Without any of its pictures, the listing below should be output exactly.

▶ **Source material**
-- Opening Marker --
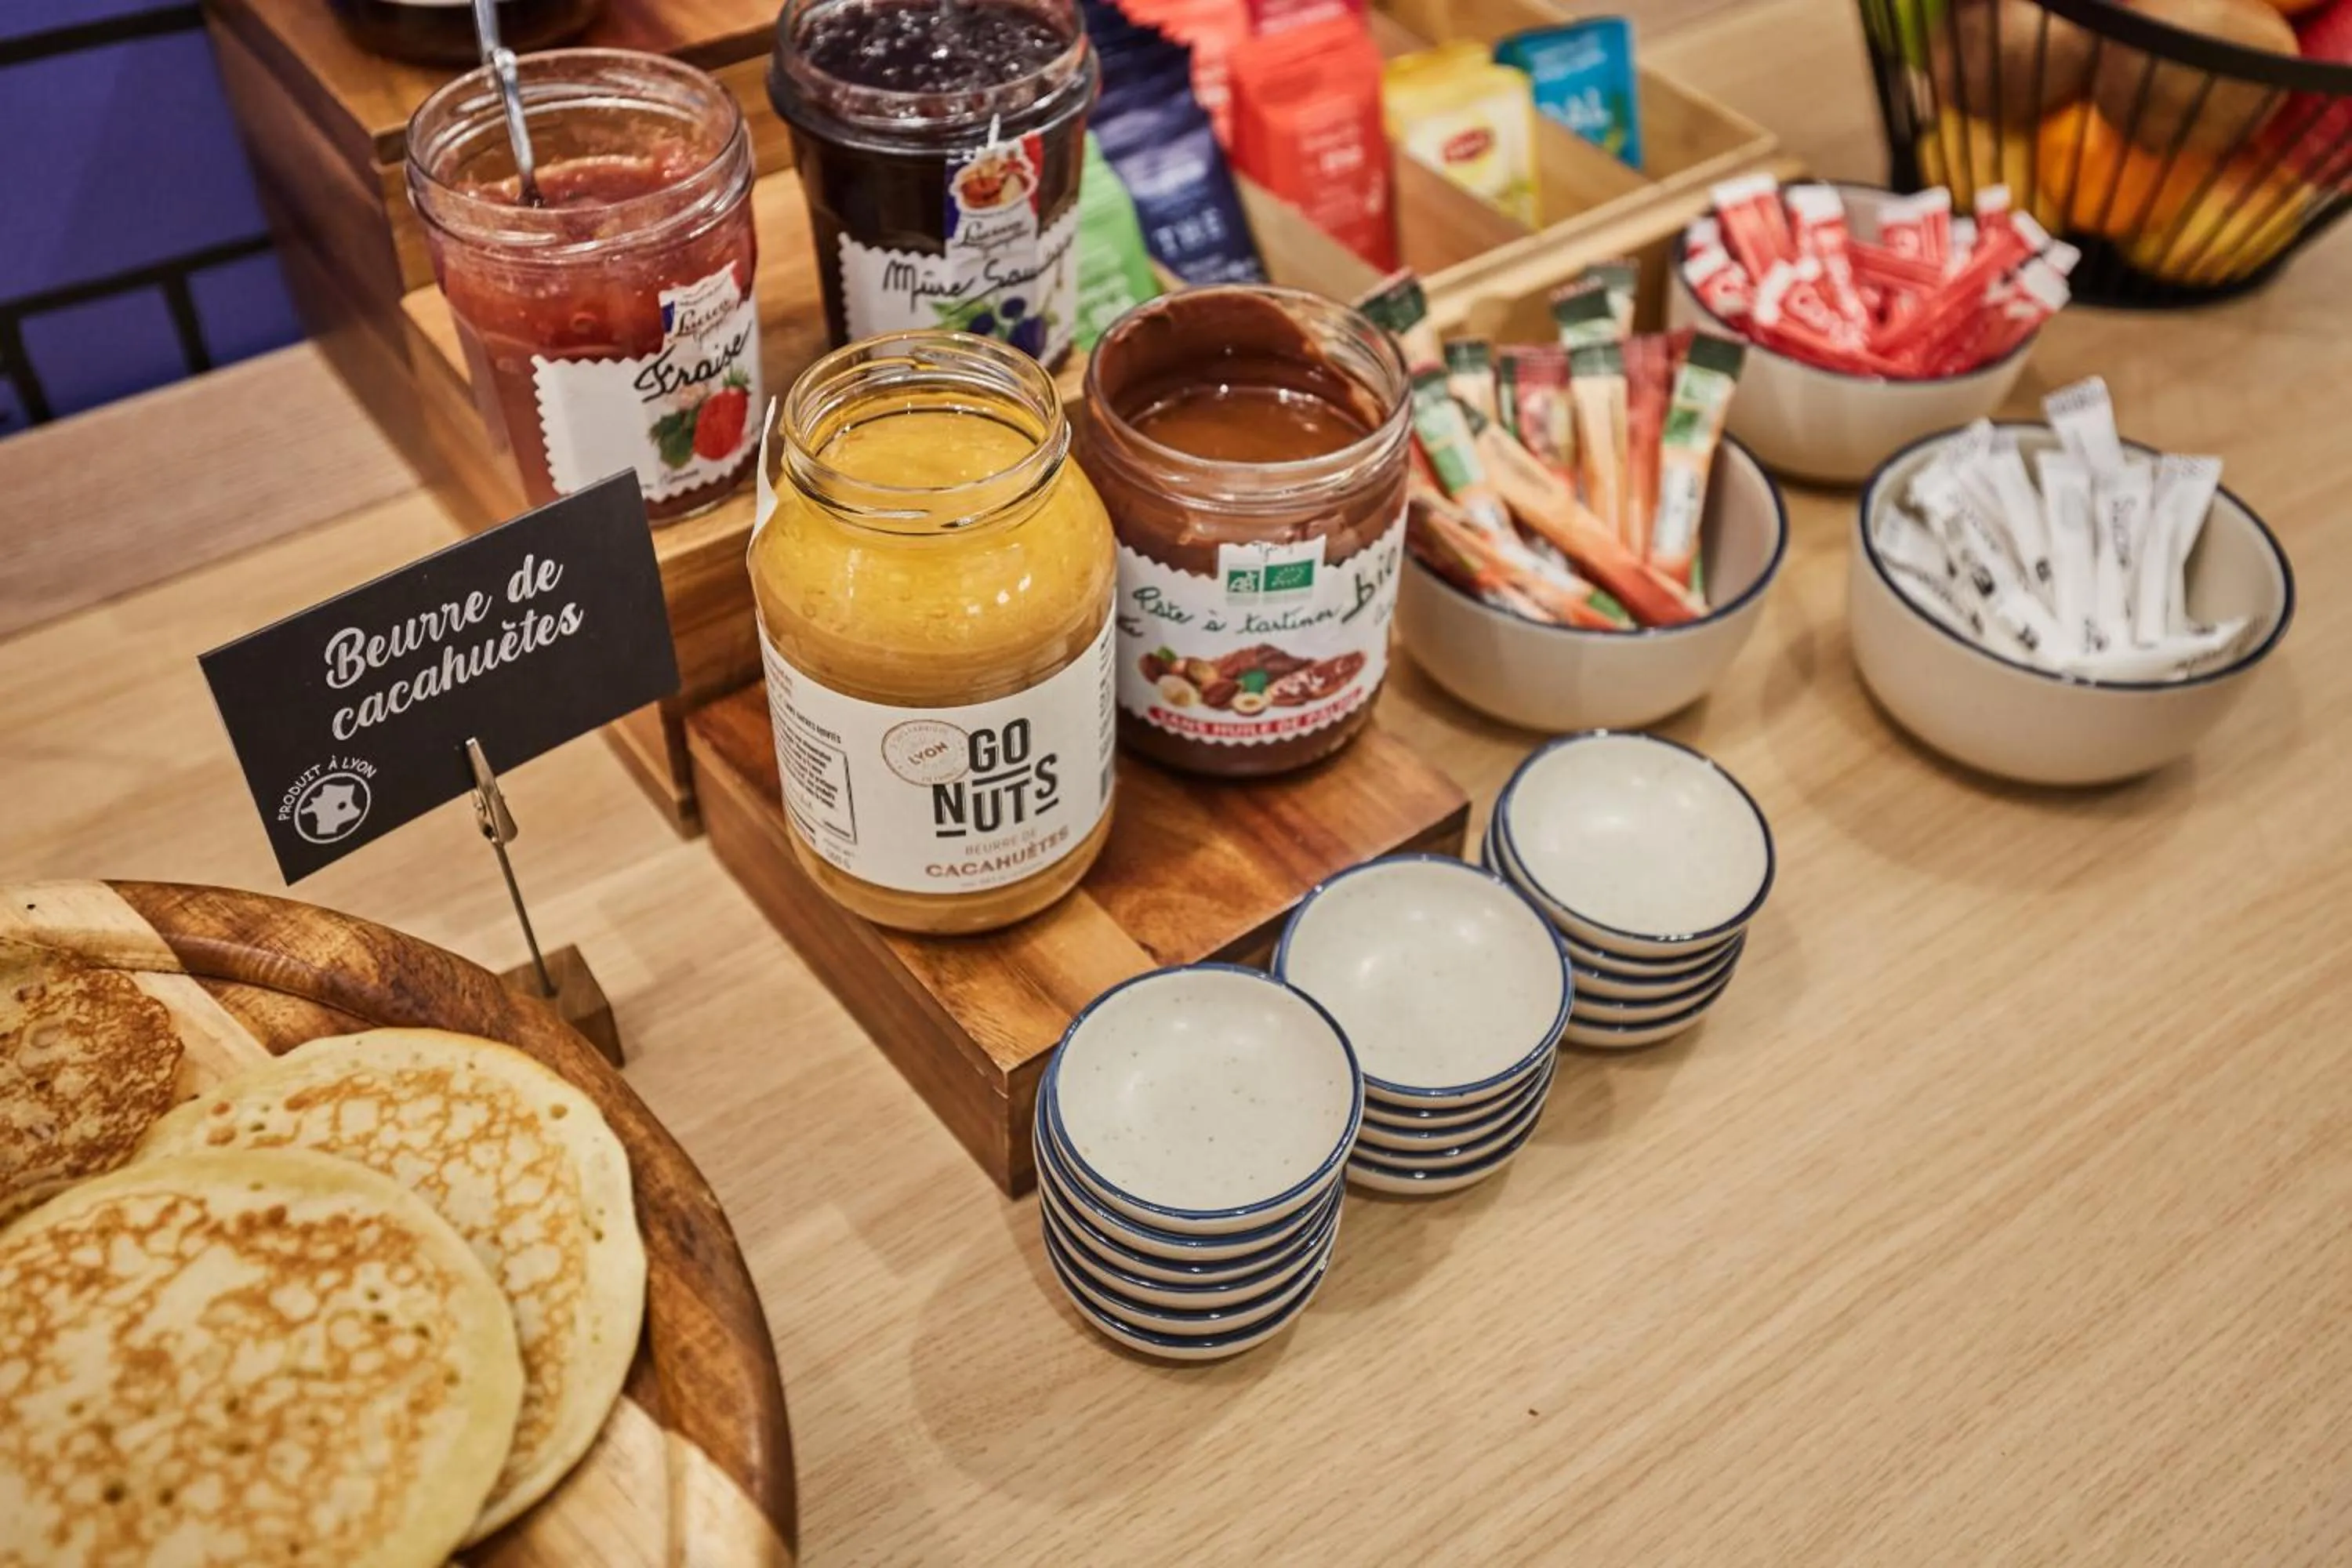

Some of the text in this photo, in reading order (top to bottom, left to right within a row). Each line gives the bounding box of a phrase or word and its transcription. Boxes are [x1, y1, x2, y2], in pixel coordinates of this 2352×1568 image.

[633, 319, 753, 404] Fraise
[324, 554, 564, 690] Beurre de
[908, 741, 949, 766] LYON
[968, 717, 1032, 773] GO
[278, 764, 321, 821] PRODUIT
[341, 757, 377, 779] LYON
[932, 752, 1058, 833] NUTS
-- Closing Marker --
▶ **Output of the exercise**
Some of the text in this photo, in reading order (top to bottom, left to right within a row). Each line gives the bounding box of a phrase or word and its transcription. Boxes are [x1, y1, x2, y2], in pixel coordinates of this 2352×1568 image.

[633, 319, 753, 404] Fraise
[324, 554, 564, 690] Beurre de
[908, 741, 949, 766] LYON
[968, 717, 1032, 773] GO
[278, 764, 321, 821] PRODUIT
[341, 757, 377, 779] LYON
[932, 752, 1058, 833] NUTS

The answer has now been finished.